Apple unveils a massive security upgrade to iMessage and says iOS 17.4 will make Messages the safest widely-used chat app on the planet

iPhone 14 with Messages app on home screen
(Image credit: iMore)

As Apple gets ready to ship RCS messaging support on the iPhone in 2024, one of the biggest concerns the company has expressed is the lack of any kind of encryption. Such encryption would keep chats private and secure and iMessage has been encrypted since it launched years ago. Now, the company has announced an upgrade to that encryption that makes your iMessage chats more private than ever before. Fear not, the chances of someone intercepting that super-secret chili recipe are now much, much less.

How much less?

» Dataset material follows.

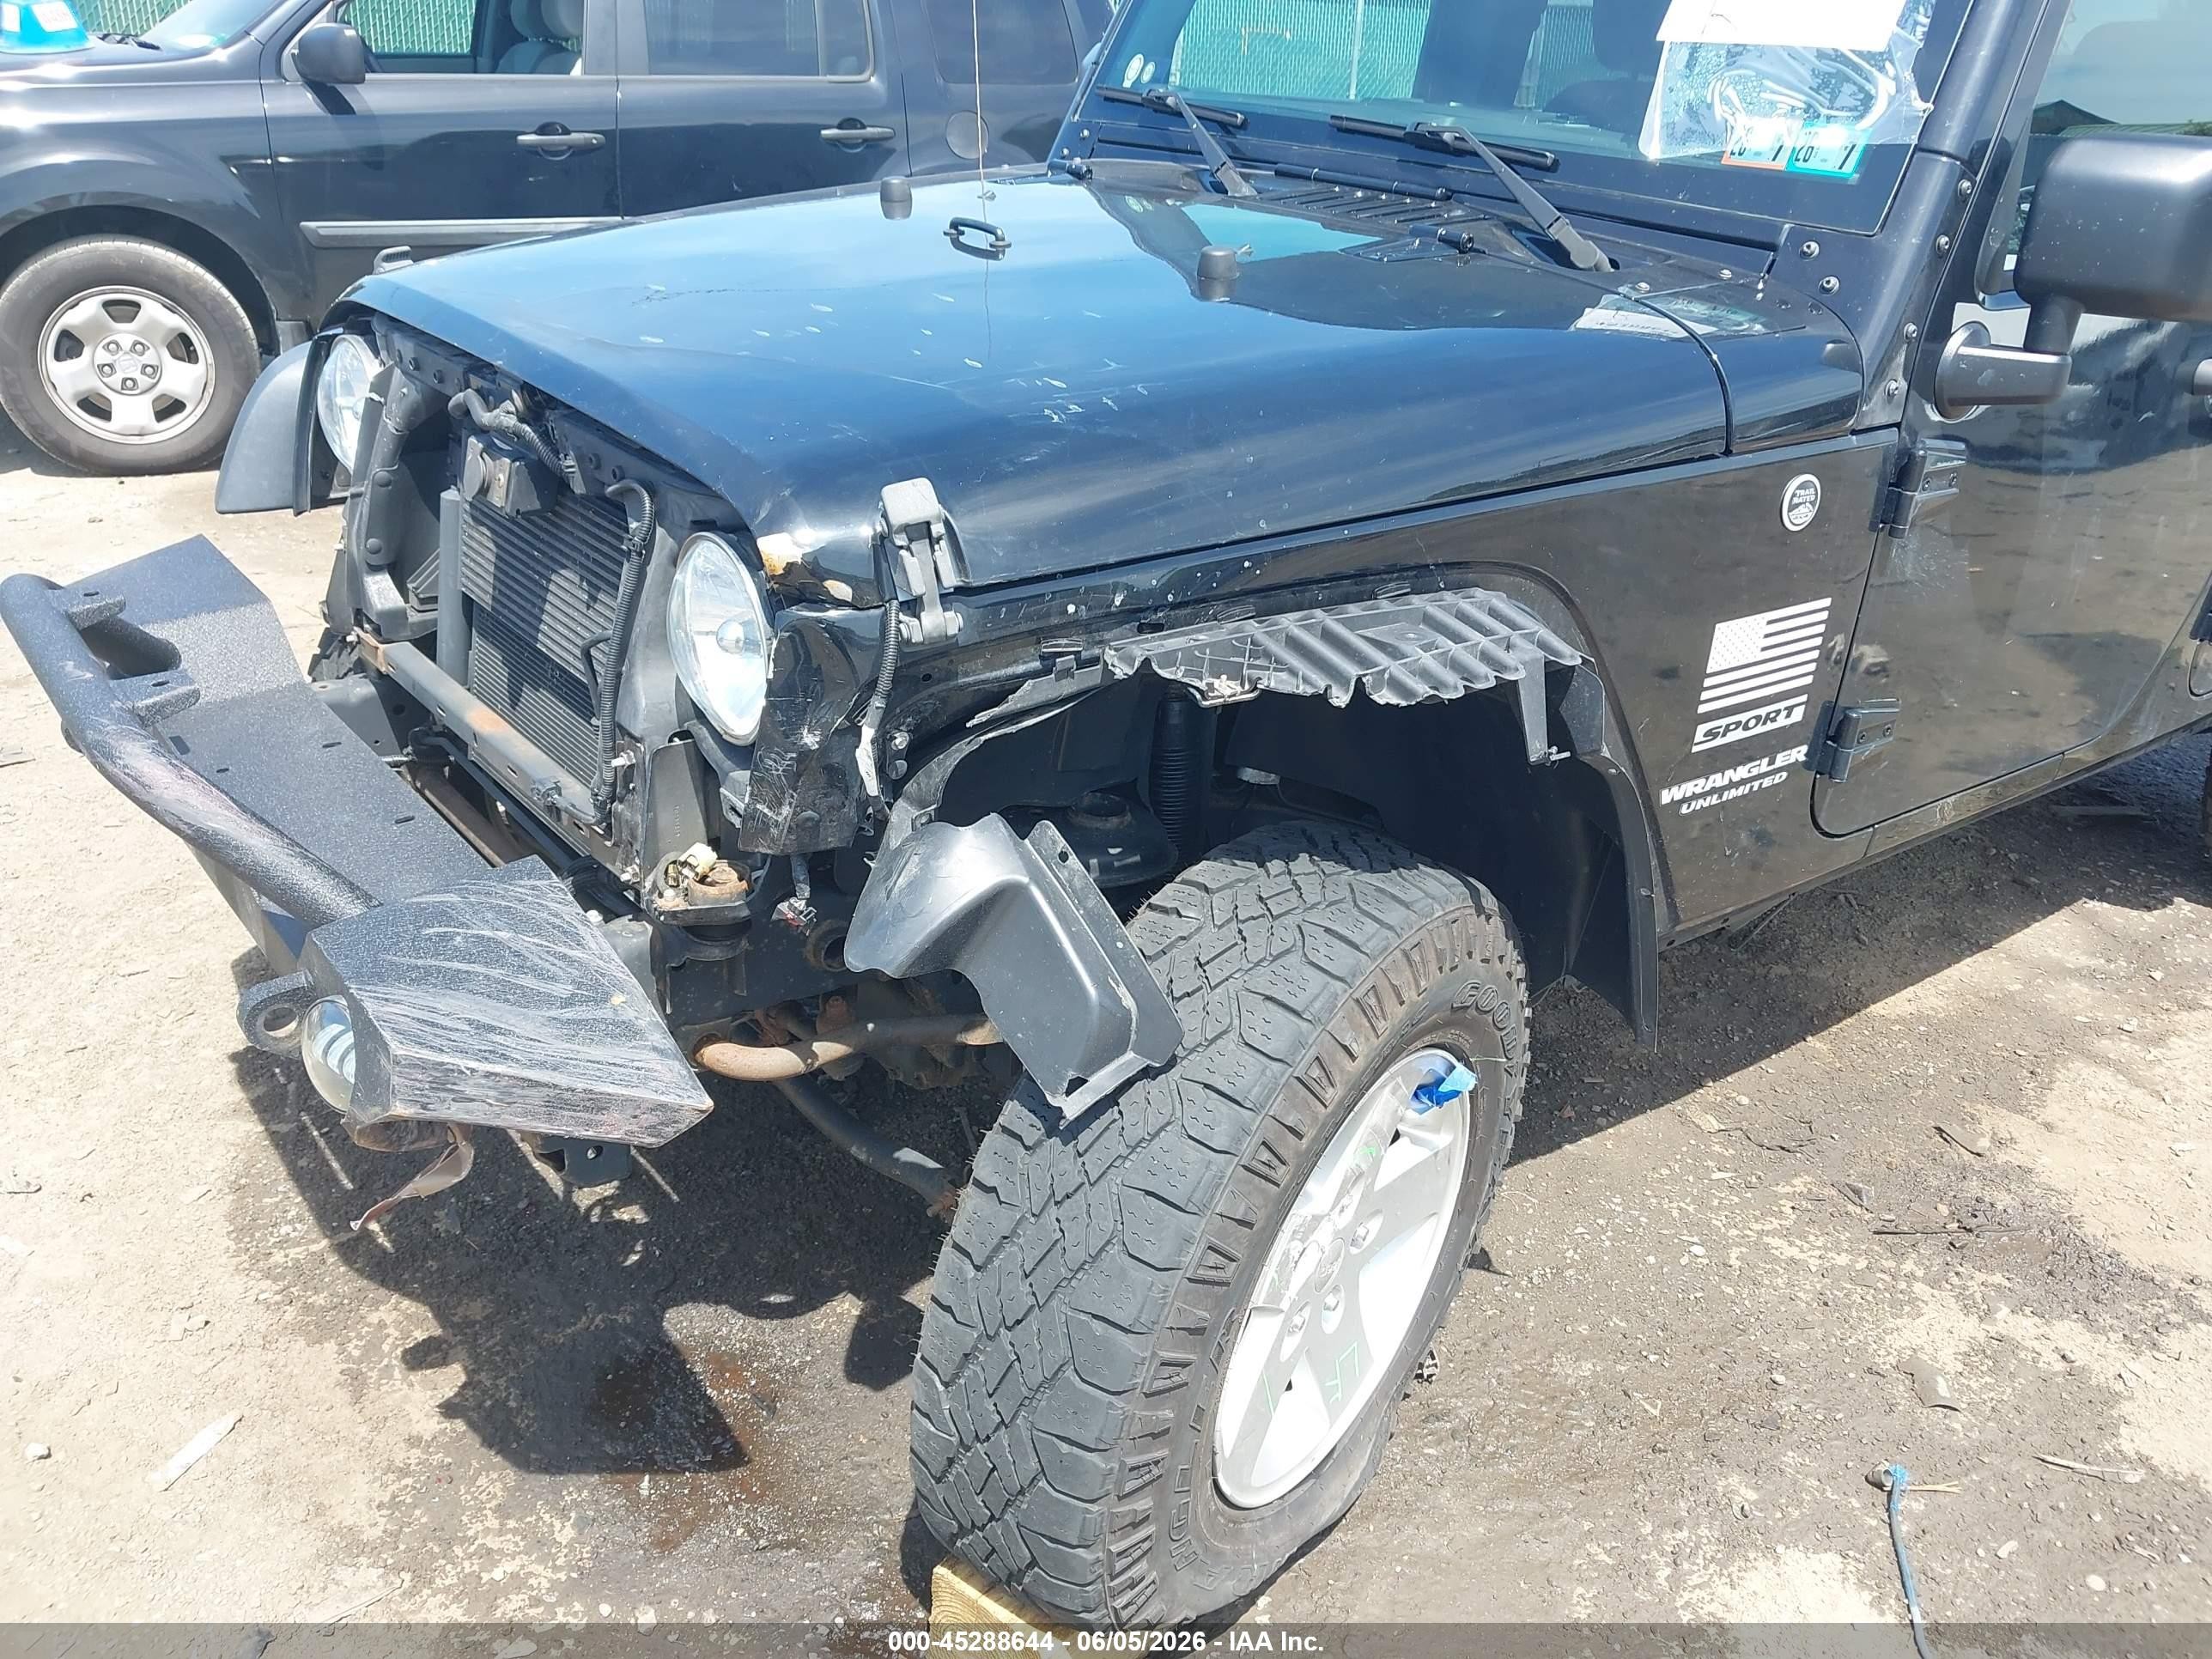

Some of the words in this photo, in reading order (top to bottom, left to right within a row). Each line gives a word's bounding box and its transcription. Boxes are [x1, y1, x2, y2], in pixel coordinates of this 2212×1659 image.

Apple seems to be pretty convinced that its new PQ3 cryptographic security upgrade is about as good as it gets, saying that as far as it's aware, "PQ3 has the strongest security properties of any at-scale messaging protocol in the world." That's quite the claim, and it's backed it up with receipts as well.

Following the news that Apple won't be forced to open iMessage up to third-party messaging platforms by the European Commission and the Digital Markets Act, Apple is clearly leaning into encryption as a key component. The company's explanation of how PQ3 works is long and complicated, but the bones of the matter are pretty clear — the chances of anyone breaking iMessage encryption are pretty low. With PQ3, Apple says that iMessage is now more able to defend against "even highly sophisticated quantum attacks."

Post-Quantum Cryptography

Apple announced the new iMessage glow-up in a detailed post to its security blog while detailing just how it works.

The iMessage protocol debuted way back in 2011 with encryption at its heart. Apple then upgraded its cryptographic protocol in 2019 "by switching from RSA to Elliptic Curve cryptography (ECC), and by protecting encryption keys on device with the Secure Enclave." The result was a very secure protocol, but nothing's perfect. And as raw processing power continues to increase, it's possible that current encryption models can be broken.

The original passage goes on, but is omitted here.